While data analytics has recently gained popularity, analyzing data is not new.  Many of the techniques that are currently being discussed have been around for a long time. Why have companies recently become more interested in analyzing data? Technological advances have allowed companies to overcome some of the struggles that have made doing detailed analysis difficult and time-consuming in the past.

Going paperless

Moving data from paper notebooks and rolls of documents to a digital format has enabled companies to take a closer look at the data they’re collecting. Technological advances such as mobile devices and cloud computing have made gathering and sharing information faster than ever before. The availability of timely information in a digital format makes it possible to move beyond reporting results and allows companies to proactively use data to make predictions.

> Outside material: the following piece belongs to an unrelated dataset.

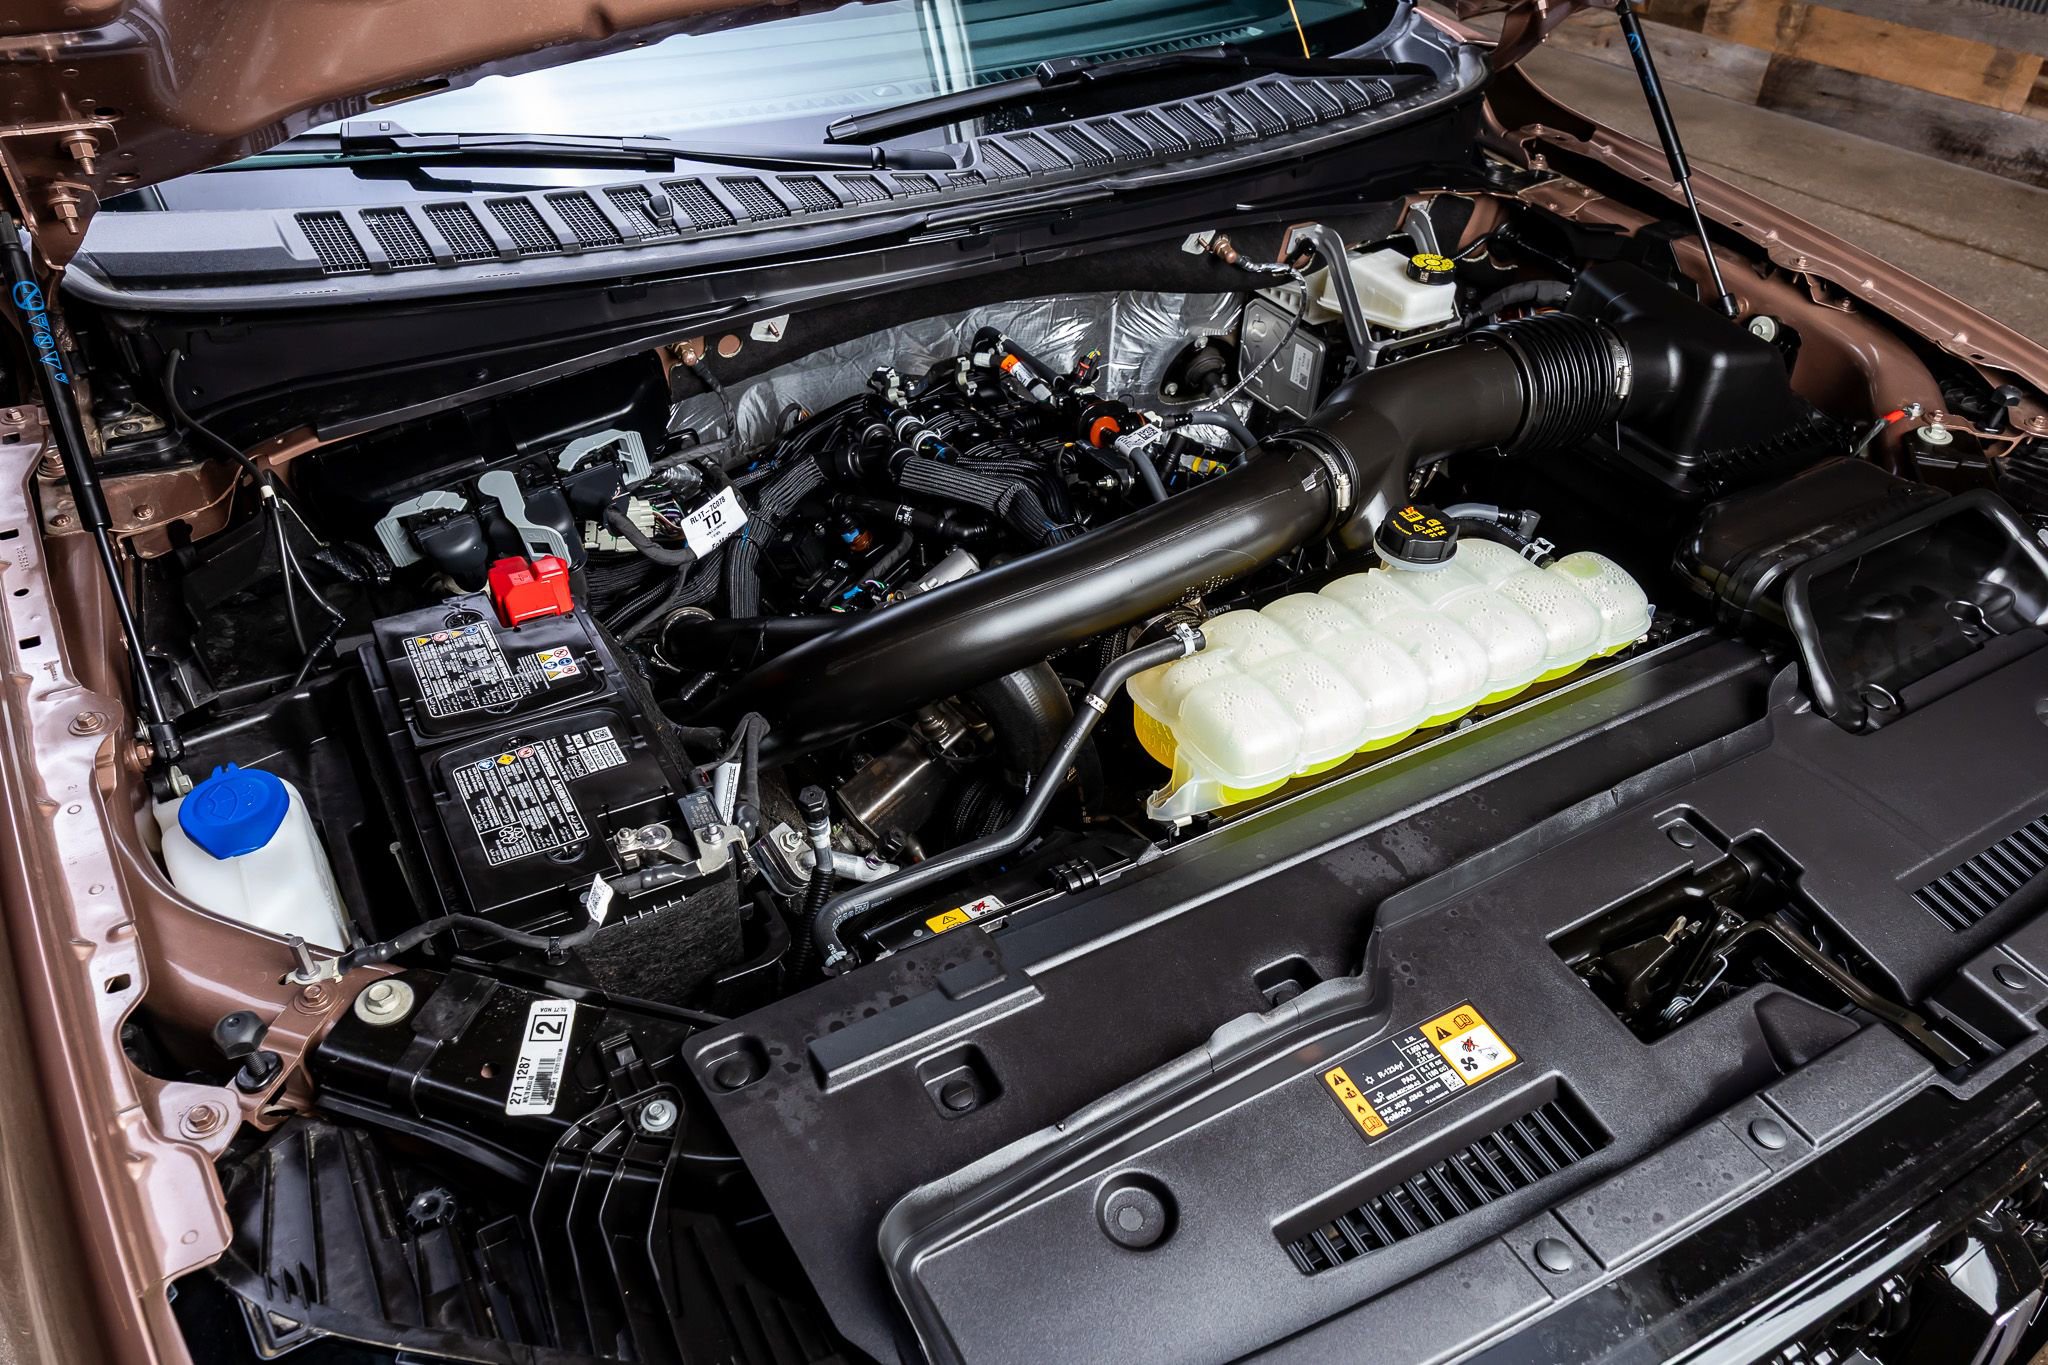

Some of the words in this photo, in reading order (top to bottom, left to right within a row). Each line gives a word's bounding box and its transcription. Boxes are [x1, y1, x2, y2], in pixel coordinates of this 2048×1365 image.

Software integration and access to data

Software integration and access to raw data also make it easier for companies to analyze their data. Data has traditionally been stuck in silos. Even if you have been using technology for things like project management and accounting, it has traditionally been a very manual process to consolidate data across departments. Software available today allows companies to integrate and share data across software platforms within their companies and with subcontractors and other external stakeholders. Even if applications do not talk directly to each other it is often possible to access the data and compile information from several sources using analytics software.

Artificial intelligence and machine learning

Advances in artificial intelligence and machine learning have allowed companies to ensure the vast amounts of data they are collecting provide meaningful results when analyzed. These technologies provide data analysts assurance that the data they are using is free of errors. Verifying data manually is nearly impossible with vast amounts of data. Artificial intelligence and machine learning provide cut down time and provide cost-effective solutions to provide assurance that the data is ready to be analyzed.

As technology continues to evolve and new technologies become available, construction companies will begin to use data analytics regularly to bid, manage jobs, and evaluate performance. Analytics will assist companies in identifying their core competencies so their limited resources can be allocated to the best work available.